Primary human foreskin fibroblasts (HFFs) at passage 6 to 15 were maintained in Dubecco's modified Eagle's medium (DMEM) supplemented with 10% FBS. An isolate of HCMV strain AD169, BADwt, was derived from an infectious clone of the viral genome (58), and propagated on MRC-5 fibroblasts (ATCC). Infectious yields were determined by fluorescent focus assays, in which MRC-5 cells were infected with dilutions of virus and IE1-positive cells were quantified 24–48 later.

Drug Treatment of Cells.

Cells were pretreated with medium containing the indicated amount of tolfenamic acid, N-(2-methyl-3-chlorophenyl) anthranilic acid (Cayman Chemical); indomethacin, 1-(4-chlorobenzoyl)-5-methoxy-2-methyl-3-indoleacetic acid (Sigma-Aldrich), or solvent (DMSO; Sigma-Aldrich) for 24 h before inoculation with virus for 2 h at 37°C. After that, the inoculum was replaced by fresh drug-containing medium, which was replaced with fresh drug-containing medium every 24 h. Cell viability in the presence of drugs or solvent was assessed by CellTiter 96 AQueous One Solution Cell Proliferation Assay according to the manufacturer's instructions (Promega). To analyze viral growth kinetics in the presence of drugs, cells were pretreated for 24 h and then infected at a multiplicity of 0.01 pfu/cell. At various times after infection, medium (cell-free virus) or cells (cell-associated virus) were collected, virus was released from cells by three freeze-thaw cycles, and infectivity was determined by fluorescent focus assay.

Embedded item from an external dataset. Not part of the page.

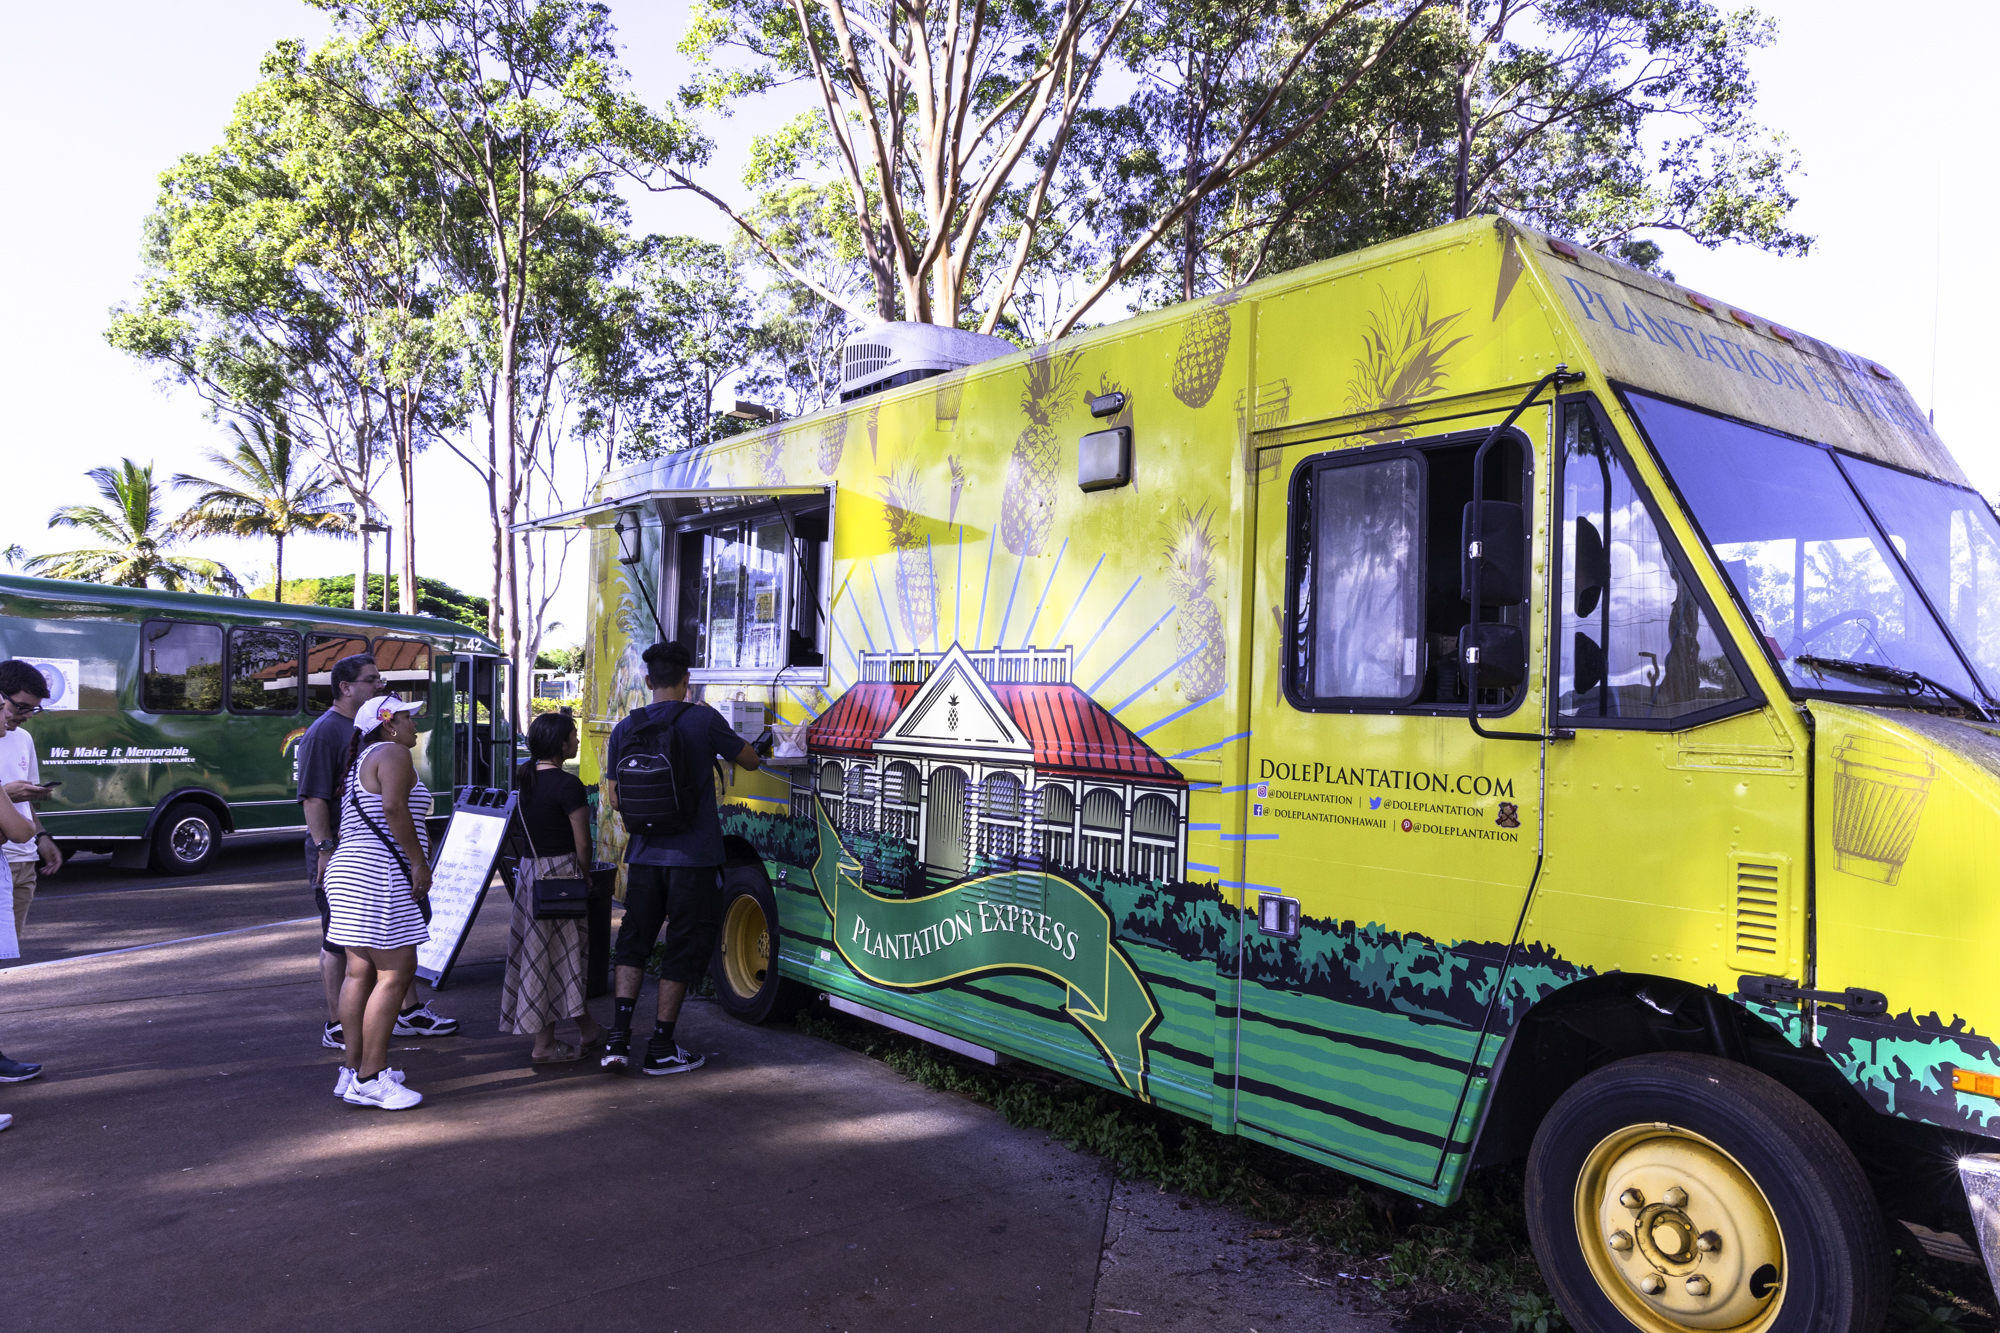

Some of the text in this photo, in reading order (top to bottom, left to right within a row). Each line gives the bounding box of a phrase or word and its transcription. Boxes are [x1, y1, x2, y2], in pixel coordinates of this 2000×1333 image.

Analysis of Viral Nucleic Acids and Proteins.

Total cellular RNA was isolated from infected cells with TRIzol reagent (Invitrogen). Viral RNA accumulation was monitored by quantitative real-time RT-PCR (qRT-PCR) as described previously (59) by using a 7900HT sequence detection system with SDS software version 2.1 (Applied Biosystems). Primers were as follow: UL123 (IE1) (forward primer 5′GCCTTCCCTAAGACCACCAAT3′, reverse primer 5′ATTTTCTGGGCATAAGCCATAATC3′); UL54 (forward primer 5′GTGTGCAAC TACGAGGTA3′, reverse primer 5′GAC AGC ACG TTG GTT ACA3′); UL99, (forward primer 5′GAGGACAAGGCTCCGAAAC3′, reverse primer 5′CTT TGCTGATGGTGGTGATG3′). Results were normalized to glyceraldehyde-3-phosphate dehydrogenase RNA levels (forward primer 5′ACCCACTCCTCCACCTTTGAC3′, reverse primer 5′CTGTTGCTGTAGCCAAATTCGT3′). A dissociation curve was generated for each primer pair to confirm the amplification of a single product. Viral DNA accumulation was monitored by qPCR assay of total cell DNA with UL123-specific primers as described previously (60).

Viral proteins were detected by indirect immunofluorescence as described previously (46). Mouse monoclonal antibodies (mAb) to the IE1 protein [1B12, (61)], pUL83 [8F5, (62)], and pUL99 [10B429, (46)] served as primary antibodies, and goat anti-mouse Alexa Fluor 488/546 conjugate (Molecular Probes) was the secondary antibody. Nuclei were identified by staining DNA with 4′,6-diamidino-2-phenylindole (DAPI). Microscopy and image acquisition was carried out with a Zeiss LSM510 confocal microscope.

Acknowledgments.

We thank R. Whitley (University of Alabama School of Medicine) for helpful comments. This work was supported by National Institutes of Health Grant CA85786 and European Union “TargetHerpes” Grant LSHG-CT-2006-037517.

Footnotes

The authors declare no conflict of interest.